» **What you should do**:
Your reply should repeat all records verbatim and contain no images.

(Image-backed grounding data)
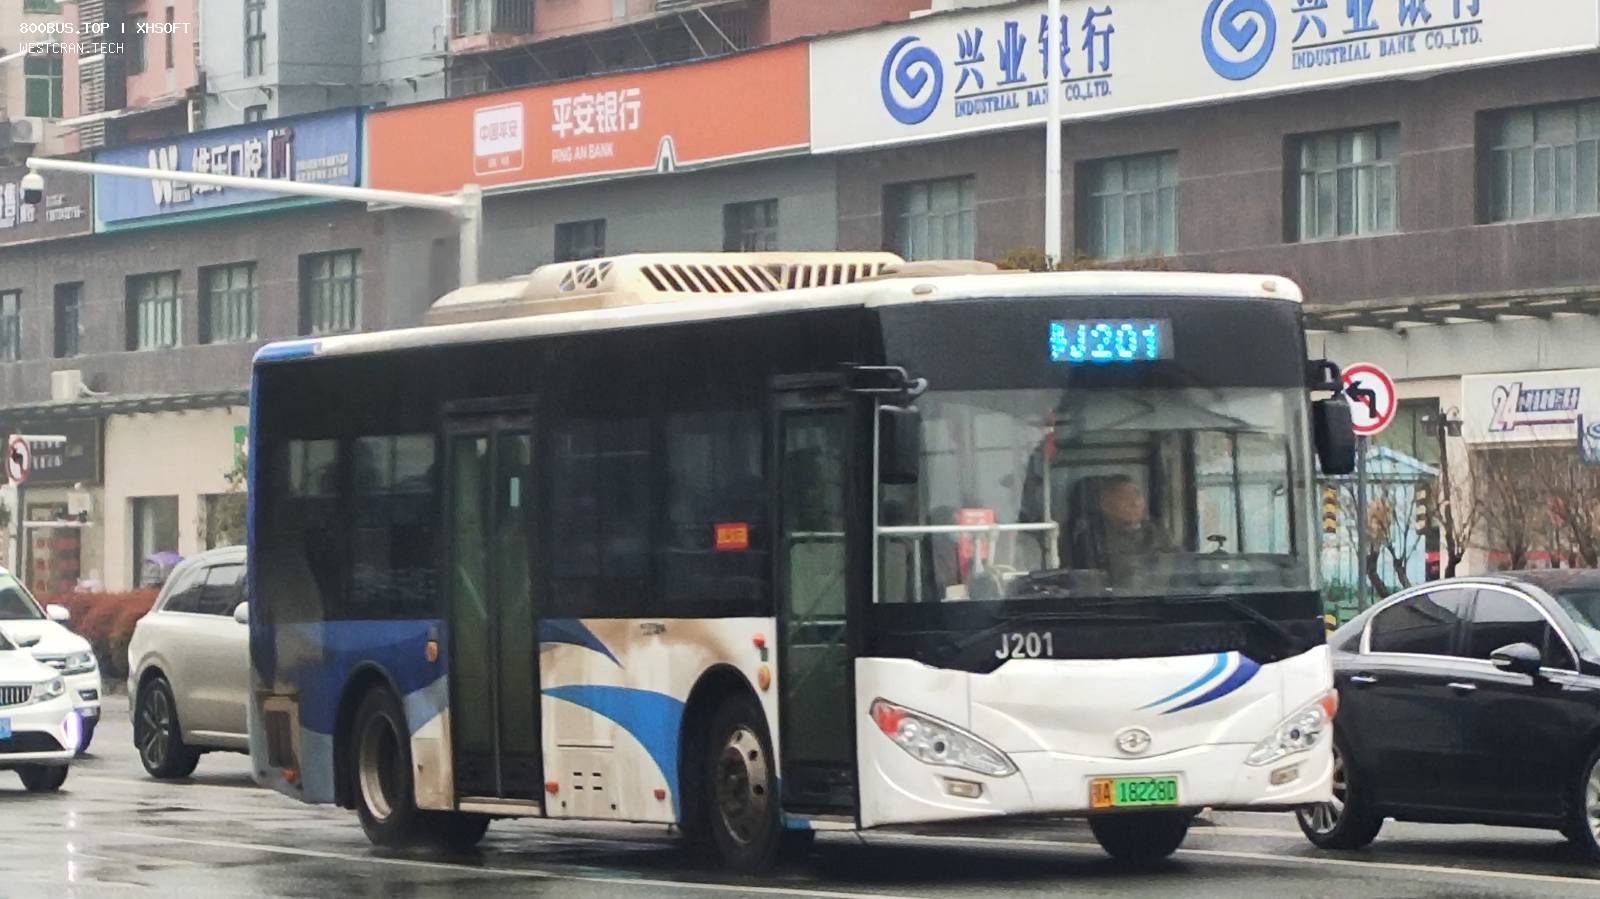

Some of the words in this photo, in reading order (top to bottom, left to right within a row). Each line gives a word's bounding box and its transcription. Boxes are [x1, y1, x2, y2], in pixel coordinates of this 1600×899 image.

[954, 6, 1114, 93] 兴业银行
[1292, 42, 1371, 70] INDUSTRIAL
[1379, 33, 1416, 57] BANK
[551, 87, 641, 139] 平安银行
[954, 93, 1019, 117] INDUSTRIAL
[1027, 90, 1049, 108] BAN
[552, 146, 572, 163] PING
[574, 144, 587, 161] AN
[589, 142, 614, 159] BANK
[995, 632, 1054, 659] J201

» **Exercise response**:
Some of the words in this photo, in reading order (top to bottom, left to right within a row). Each line gives a word's bounding box and its transcription. Boxes are [x1, y1, x2, y2], in pixel coordinates of this 1600×899 image.

[954, 6, 1114, 93] 兴业银行
[1292, 42, 1371, 70] INDUSTRIAL
[1379, 33, 1416, 57] BANK
[551, 87, 641, 139] 平安银行
[954, 93, 1019, 117] INDUSTRIAL
[1027, 90, 1049, 108] BAN
[552, 146, 572, 163] PING
[574, 144, 587, 161] AN
[589, 142, 614, 159] BANK
[995, 632, 1054, 659] J201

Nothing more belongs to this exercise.